What to work on: The entries below are to be copied exactly, with every picture left out.

%%

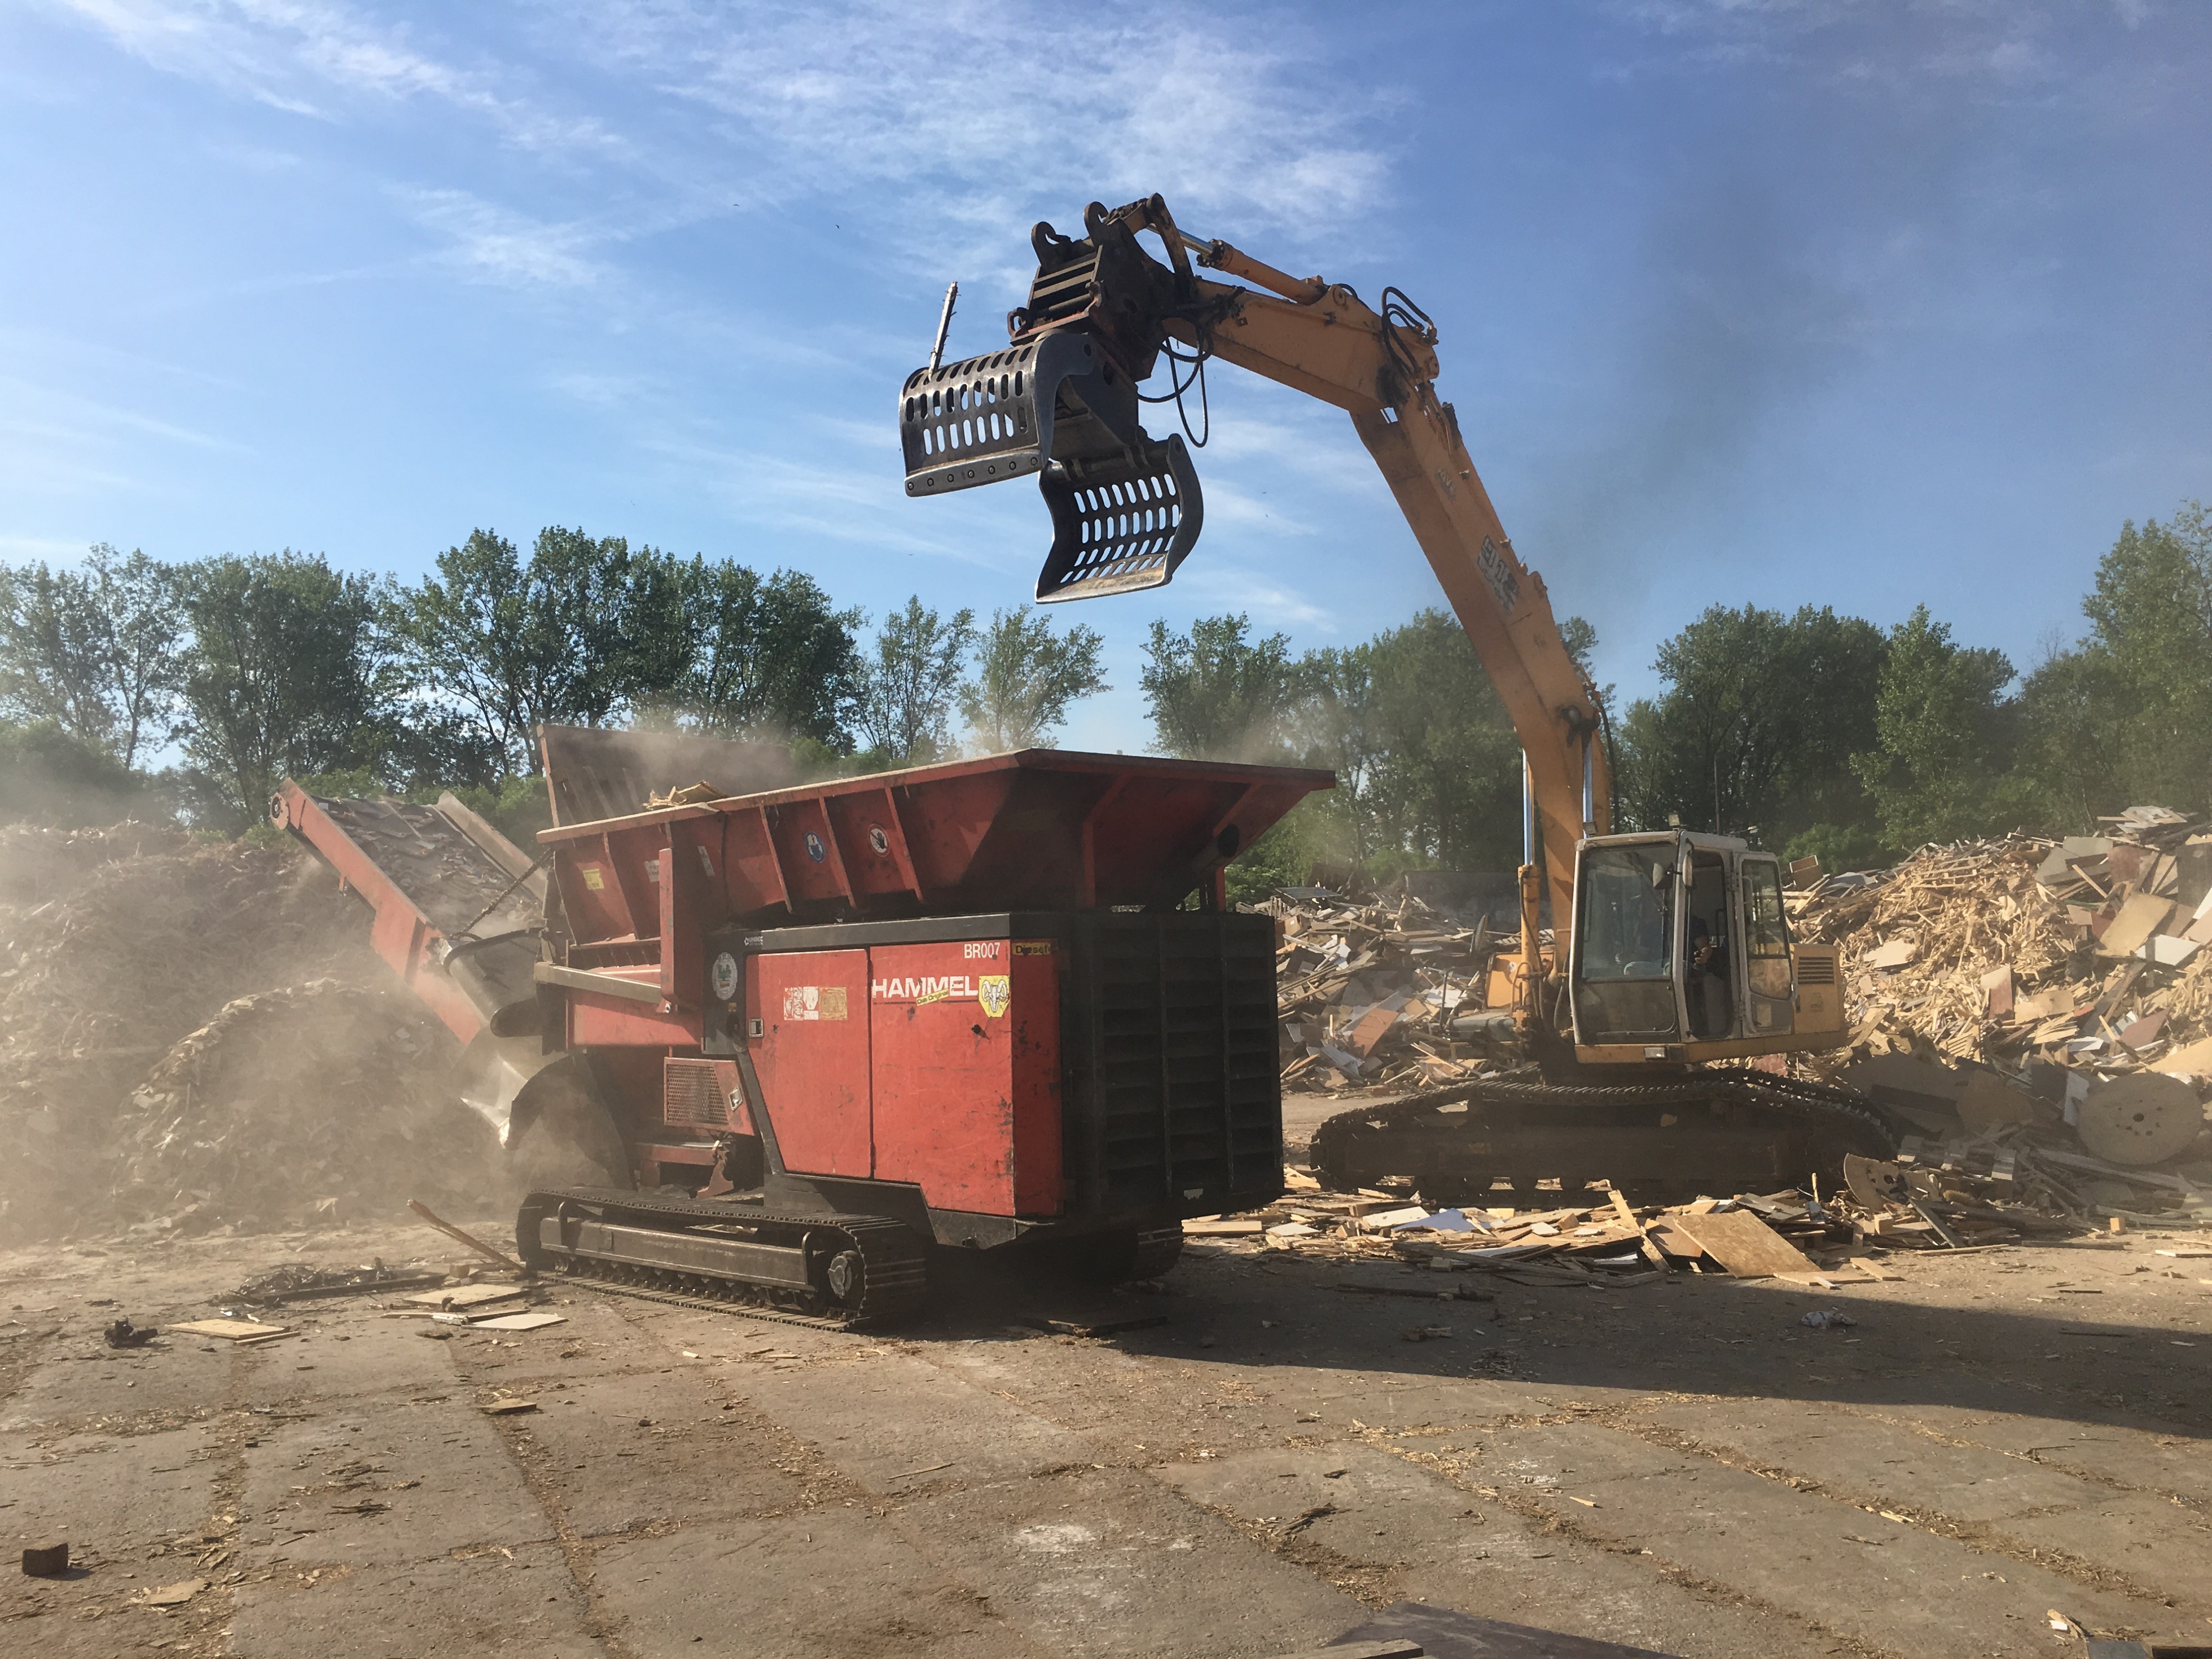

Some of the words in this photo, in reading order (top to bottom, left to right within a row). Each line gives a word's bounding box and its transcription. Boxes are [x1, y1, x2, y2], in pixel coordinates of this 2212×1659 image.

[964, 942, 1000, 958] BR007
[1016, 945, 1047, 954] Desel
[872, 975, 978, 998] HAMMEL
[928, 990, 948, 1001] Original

%%

Solved exercise:
Some of the words in this photo, in reading order (top to bottom, left to right within a row). Each line gives a word's bounding box and its transcription. Boxes are [x1, y1, x2, y2], in pixel coordinates of this 2212×1659 image.

[964, 942, 1000, 958] BR007
[1016, 945, 1047, 954] Desel
[872, 975, 978, 998] HAMMEL
[928, 990, 948, 1001] Original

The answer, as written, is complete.